J. David Spence
Accepted Abstracts: J Nephrol Therapeut
Background: B vitamin therapy to lower homocysteine has been thought to be ineffective in reducing cardiovascular risk. However, interpretation of clinical trial results has not adequately taken account of the role of renal function. Aim: To interpret clinical trial results in the light of new evidence that B vitamin therapy is harmful in patients with impaired renal function. Methods: Contrasting beneficial effect of B vitamin therapy in the VISP efficacy analysis, from which patients with renal impairment were excluded, with those of the DIVINe study, in patients with diabetic nephropathy.

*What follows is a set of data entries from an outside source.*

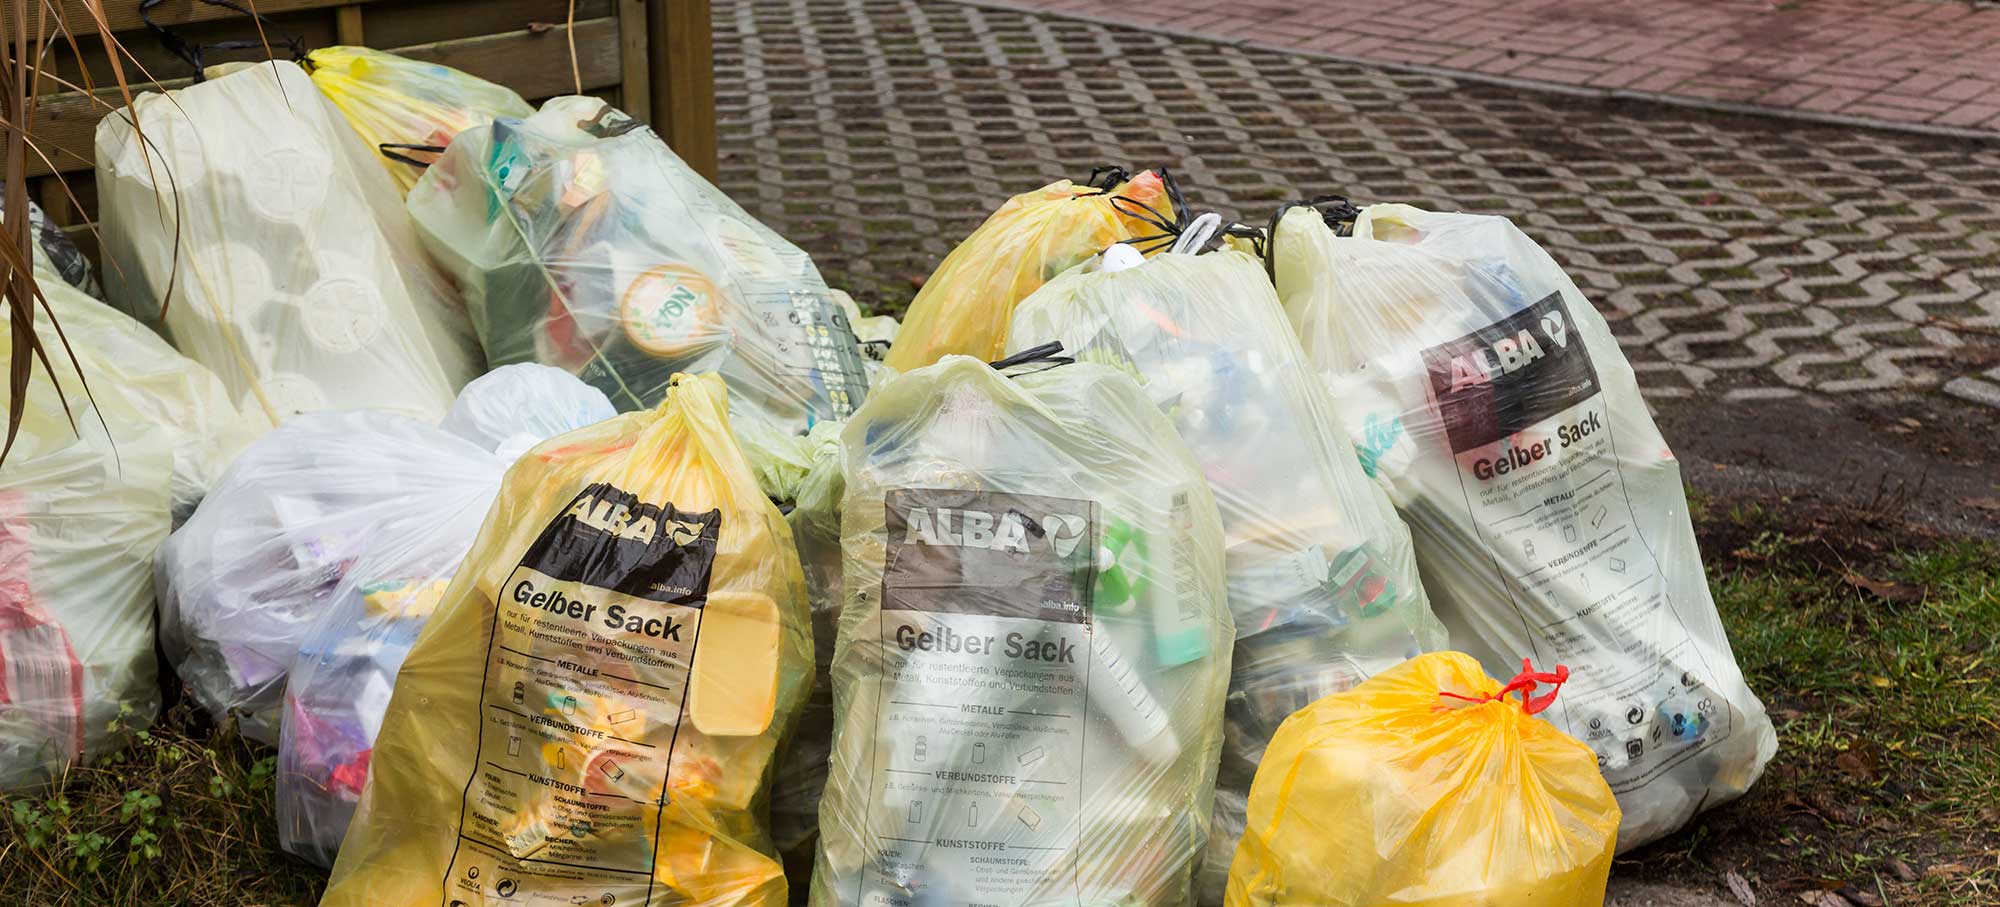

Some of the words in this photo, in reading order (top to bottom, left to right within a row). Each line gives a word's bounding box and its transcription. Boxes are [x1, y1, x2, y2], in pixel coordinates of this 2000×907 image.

[1450, 328, 1546, 393] ALBA
[1473, 437, 1552, 481] Gelber
[1557, 411, 1601, 448] Sack
[565, 495, 657, 545] ALBA
[903, 507, 1030, 553] ALBA
[651, 582, 692, 597] alba.info
[513, 580, 597, 622] Gelber
[604, 604, 682, 642] Sack
[504, 620, 526, 636] Metall,
[528, 628, 583, 649] Kunststoffen
[586, 644, 602, 655] und
[605, 647, 675, 670] Verbundstoffen
[507, 610, 518, 618] nur
[520, 613, 531, 623] für
[533, 619, 587, 638] restentleerte
[591, 632, 655, 654] Verpackungen
[660, 649, 677, 659] aus
[896, 624, 995, 655] Gelber
[1004, 632, 1075, 664] Sack
[557, 660, 599, 677] METALLE
[994, 666, 1055, 683] Verpackungen
[989, 680, 1005, 690] und
[961, 703, 1005, 715] METALLE
[529, 714, 604, 740] VERBUNDSTOFFE
[528, 773, 586, 796] KUNSTSTOFFE
[935, 770, 1016, 784] VERBUNDSTOFFE
[554, 795, 610, 811] SCHAUMSTOFFE:
[936, 838, 1005, 851] KUNSTSTOFFE
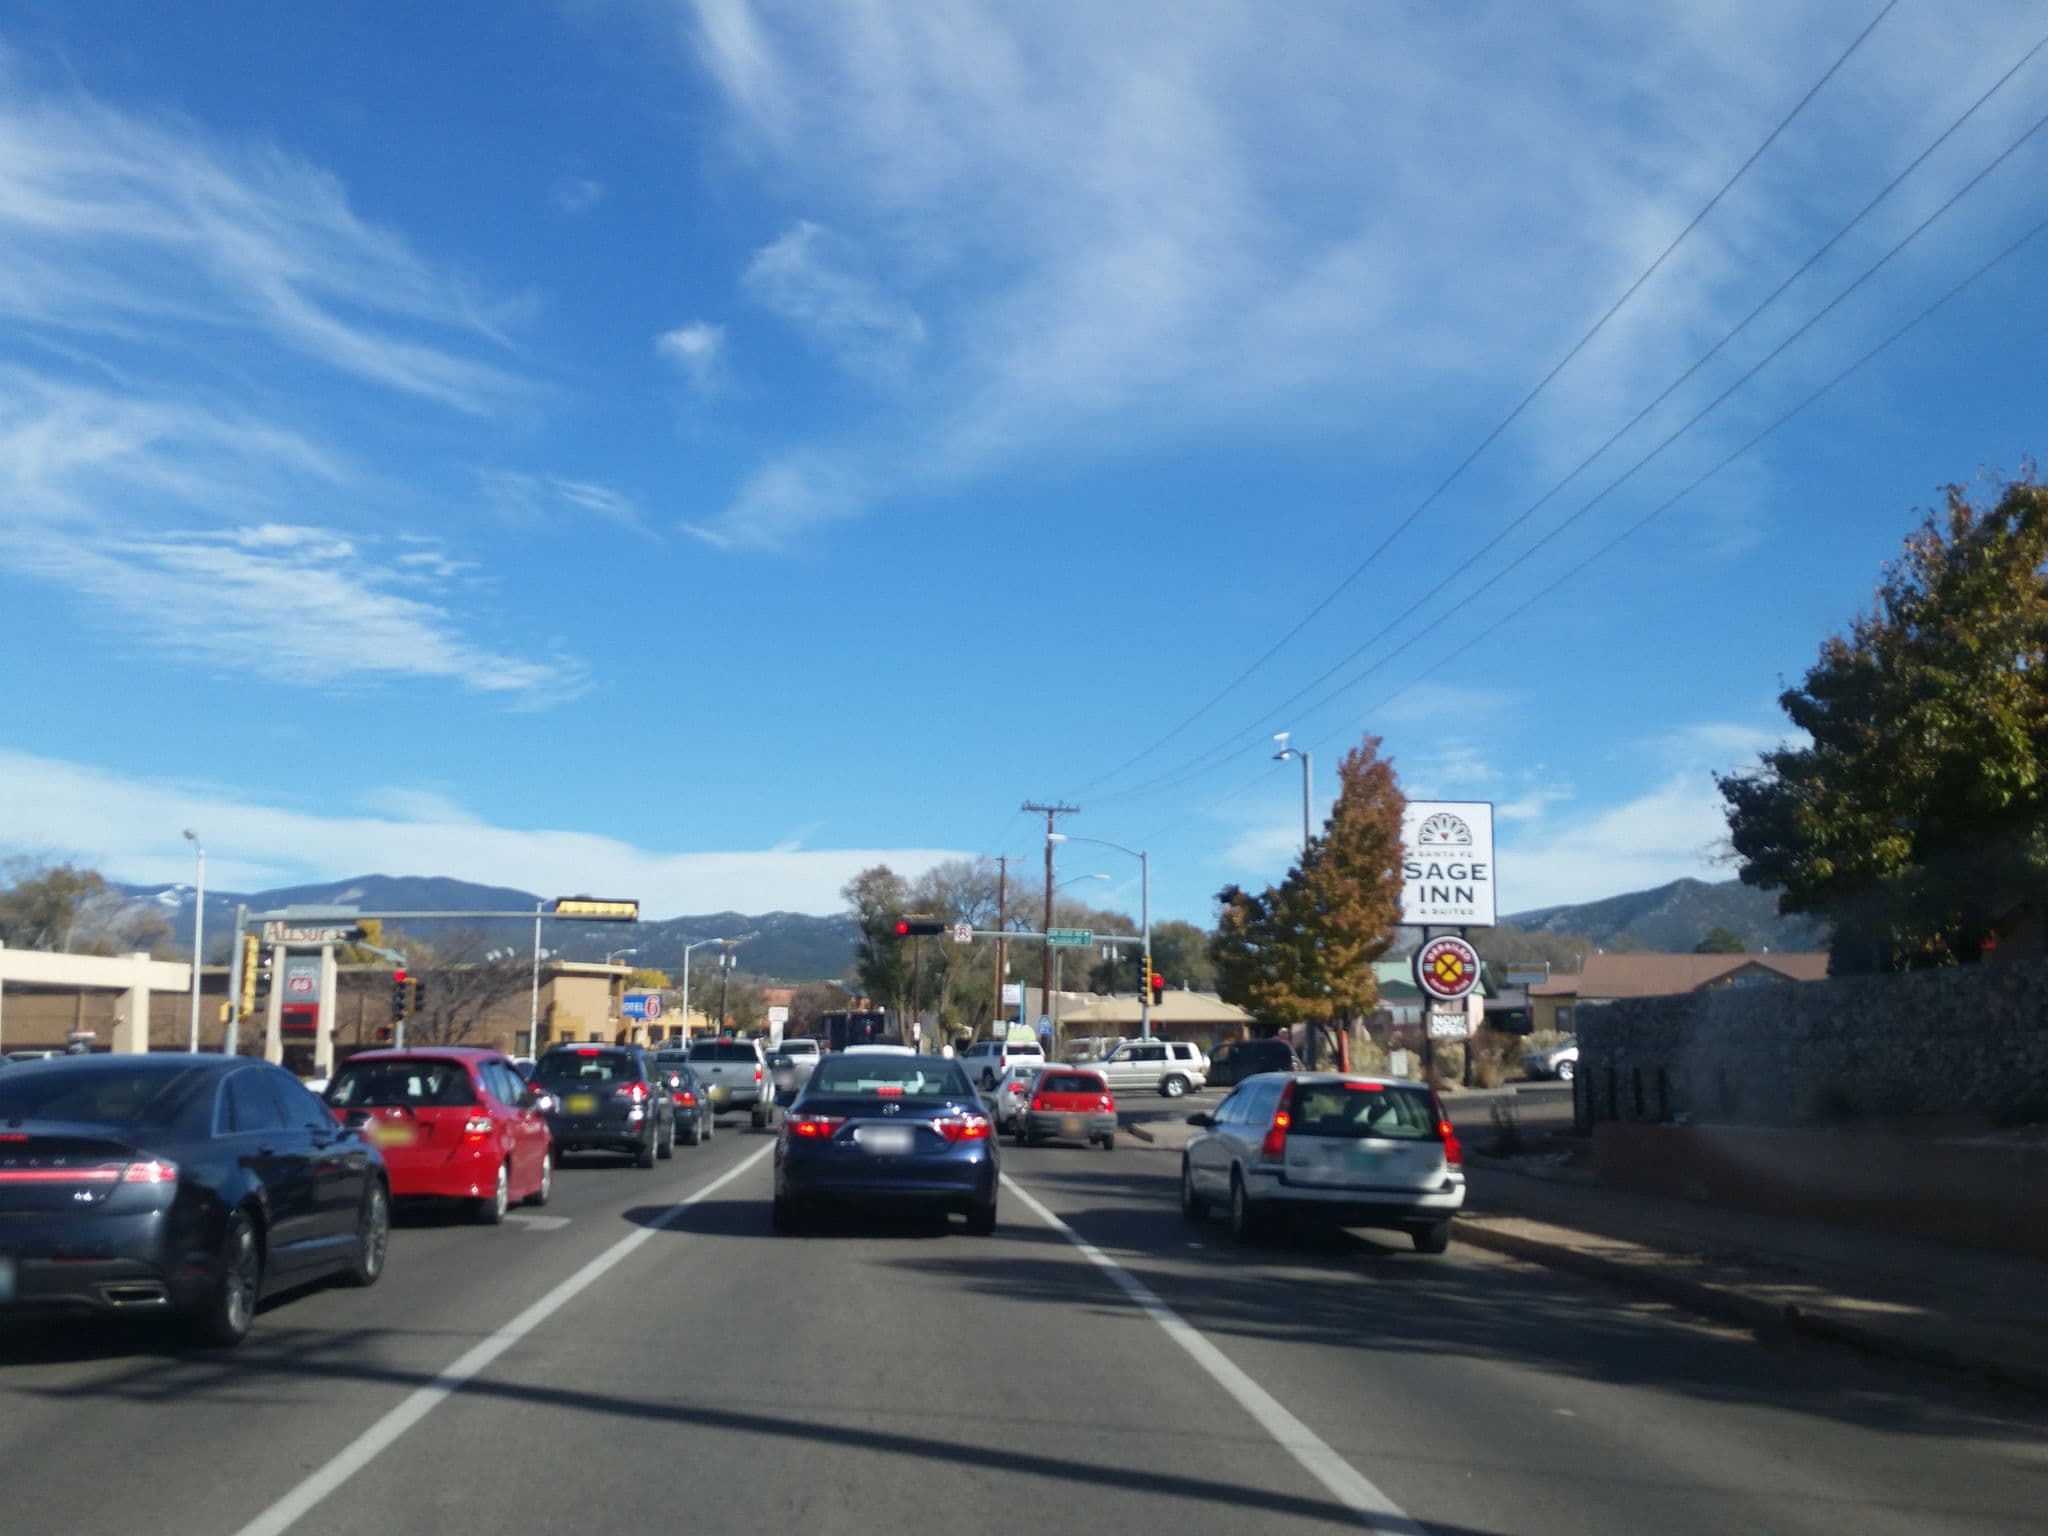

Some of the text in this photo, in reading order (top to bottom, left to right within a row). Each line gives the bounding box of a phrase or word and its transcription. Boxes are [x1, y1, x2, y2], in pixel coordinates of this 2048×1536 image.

[1405, 862, 1487, 881] SAGE
[1420, 886, 1474, 903] INN
[1432, 907, 1475, 915] SUITES
[1427, 943, 1471, 960] DERAILED
[1431, 1014, 1466, 1024] NOW
[1431, 1023, 1468, 1035] OPEN

Results: In the VISP efficacy analysis, from which patients with GFR in the lowest 10% (<47) were excluded, along with those with B12 deficiency, B vitamins significantly reduced cardiovascular risk. In the DIVINe study in patients with diabetic nephropathy, B vitamins doubled the risk of cardiovascular events, among those with GFR<50. Discussion and Conclusion: Increased production of asymmetric dimethylarginine, an antagonist of NO, and accumulation of cyanide from cyanocobalamin (leading to consumption of hydrogen sulfide (an endothelium-derived relaxing factor) may explain the harmful effects of B vitamins in renal failure. To lower tHcy in patients with renal failure it will be better to use methylcobalamin and more intensive dialysis; thiols such as mesna are also being studied in this group.